If Microsoft had done a better job of documenting the DBCC WAITSTATS command and waittype information, third parties and customers might have wondered about them enough to play with the data. They might have gleaned interesting tuning tips from analyzing waitstats years before Microsoft engineers got around to figuring it out. Then those third parties might have asked Microsoft probing questions and encouraged the SQL Server development team to dig deeper into this important resource years earlier than it did. Either way, customers would have had access to the information a long time ago.

I cheated and picked an example in which documentation has a tremendous upside and little downside for Microsoft. To be fair, Microsoft often has valid reasons for not documenting some DBCC commands and other useful commands. One reason is that if Microsoft documents something, people begin to rely on the behavior, which limits Microsoft's ability to change it in future releases. Another reason Microsoft might not document certain commands is that some DBCC commands can change data and be destructive. I'm not suggesting that Microsoft document potentially destructive commands. But Microsoft could fully document benign DBCC commands (i.e., commands that can't change data) and make it clear that some commands might not be supported in future releases. I think the SQL Server community would be well served by better command documentation. There's gold in them specs.

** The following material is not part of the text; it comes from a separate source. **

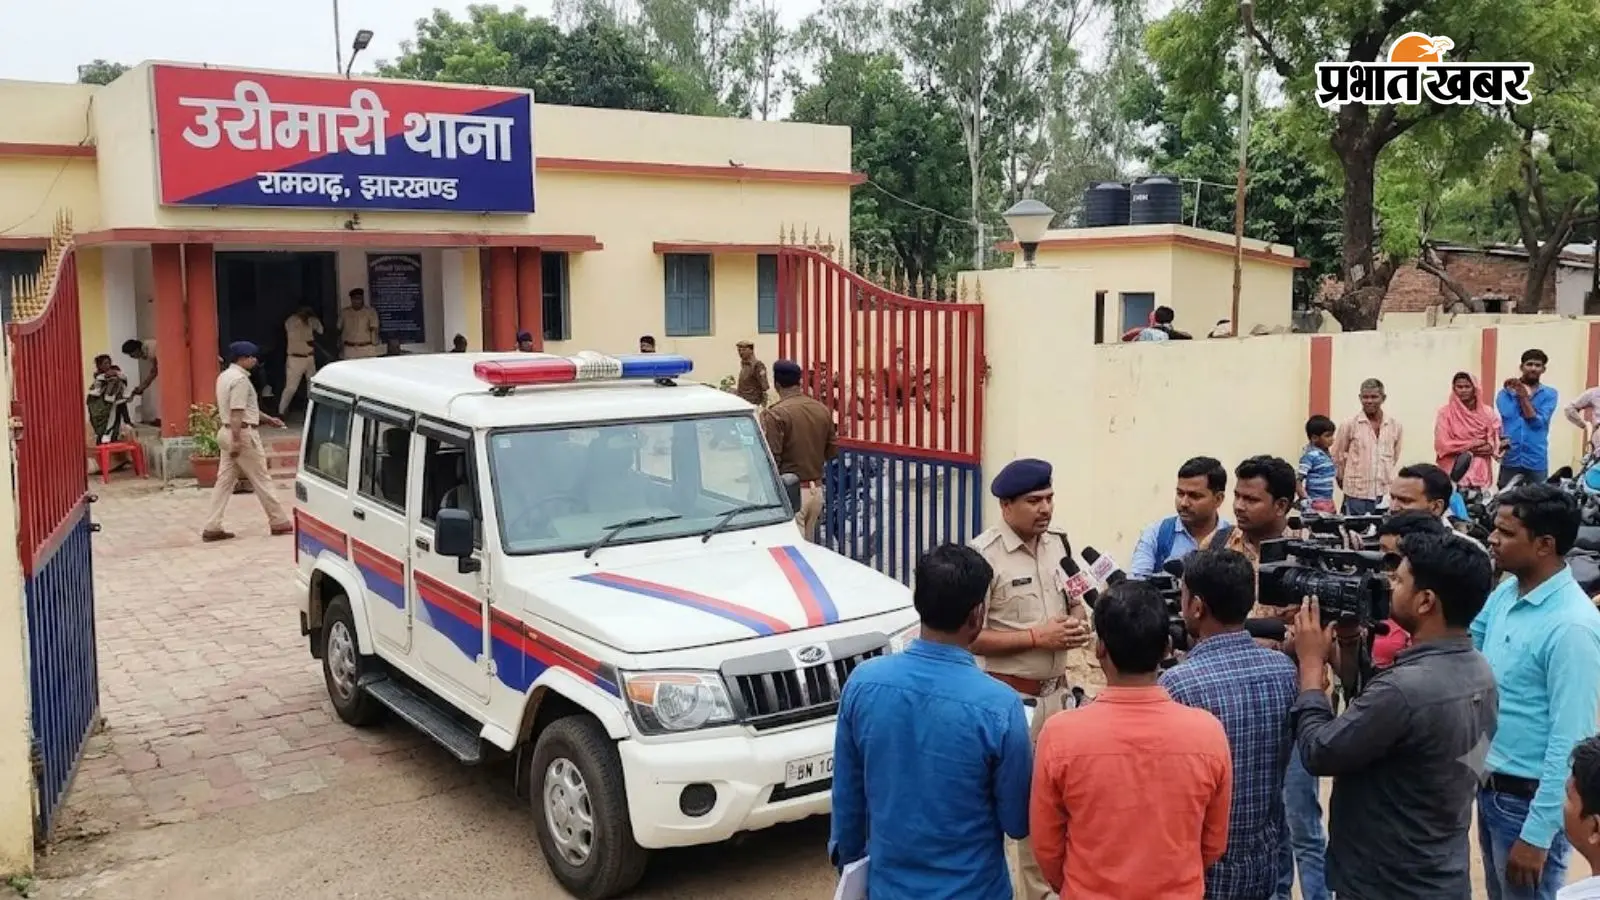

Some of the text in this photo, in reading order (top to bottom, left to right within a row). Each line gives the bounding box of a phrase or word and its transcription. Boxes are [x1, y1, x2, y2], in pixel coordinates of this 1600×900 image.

[179, 80, 514, 162] उरीमारी थाना
[257, 172, 460, 202] रामगढ़, झारखण्ड
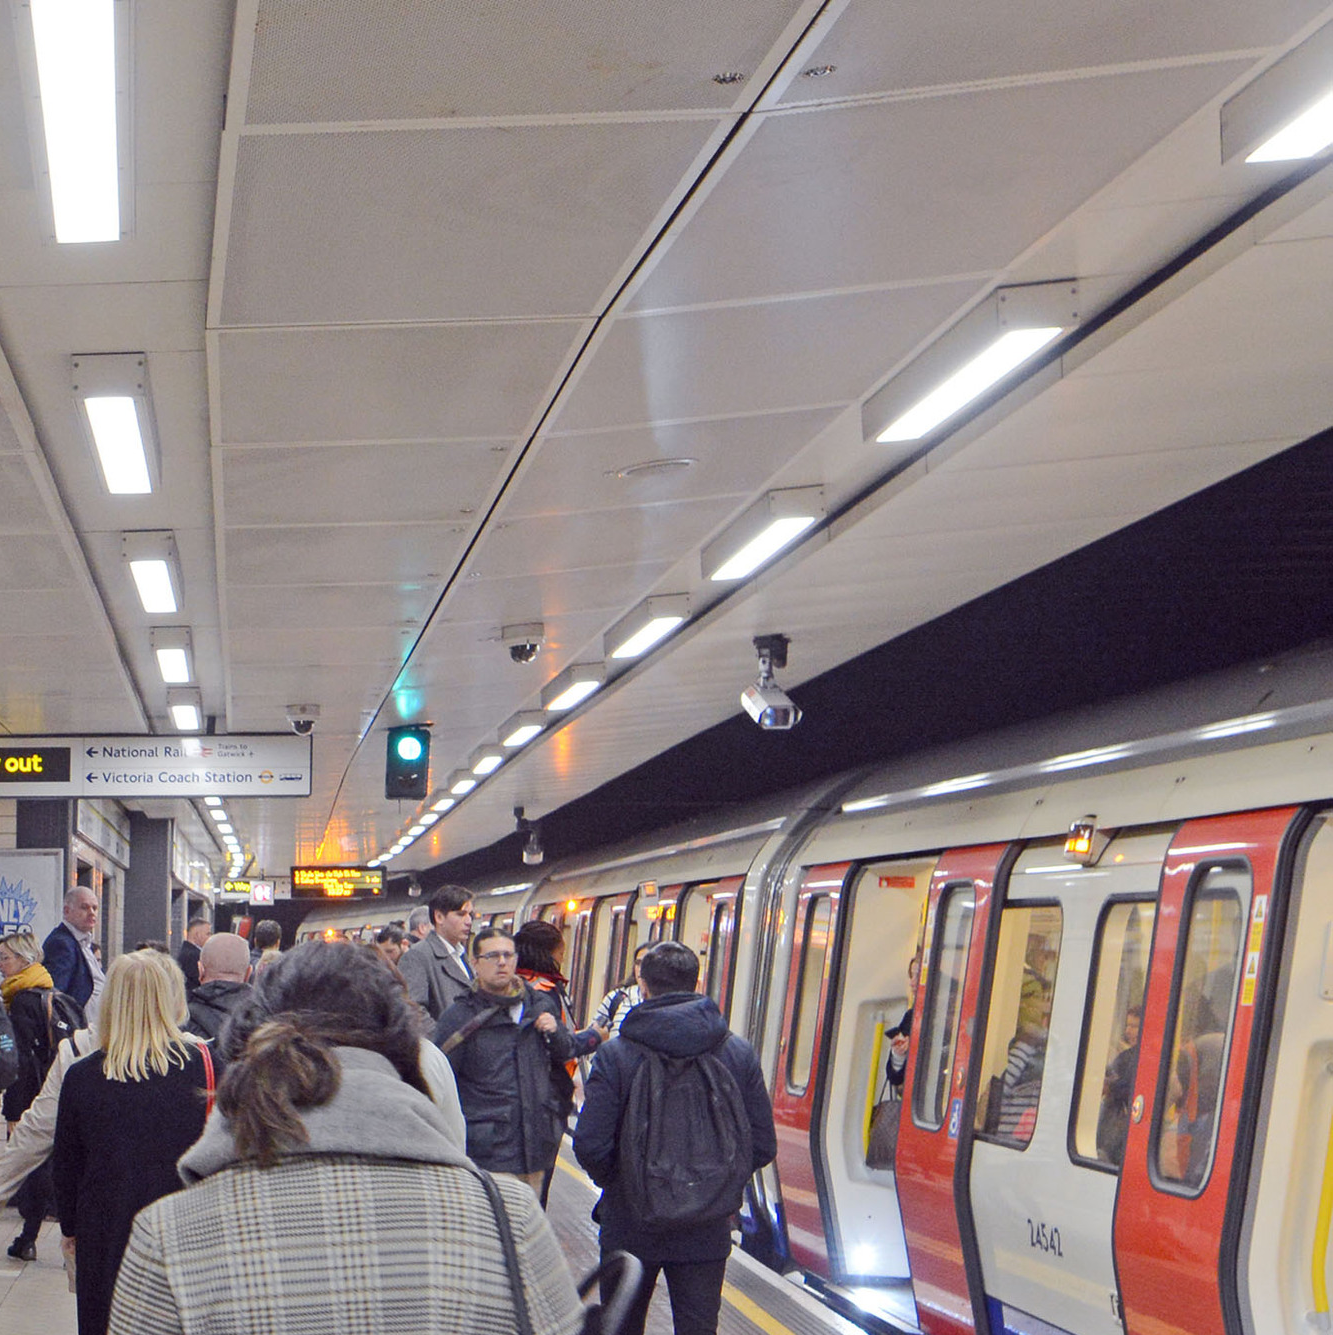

I've heard through the grapevine that Microsoft is considering documenting more DBCC commands. If you think that expanding documentation is as good an idea as I do, drop a note to [email protected] When you write to this alias, your requests will go to the development team for consideration. The trick to getting something from SQLWish is to ask for it when it's practical for Microsoft to consider the change. If Microsoft is thinking about different strategies for documenting DBCC commands, now is the time to make your wishes known. But a simple "I want more DBCC commands" isn't likely to sway many folks on the development team. Send a thoughtful note that makes a compelling argument for your request and you might get your wish.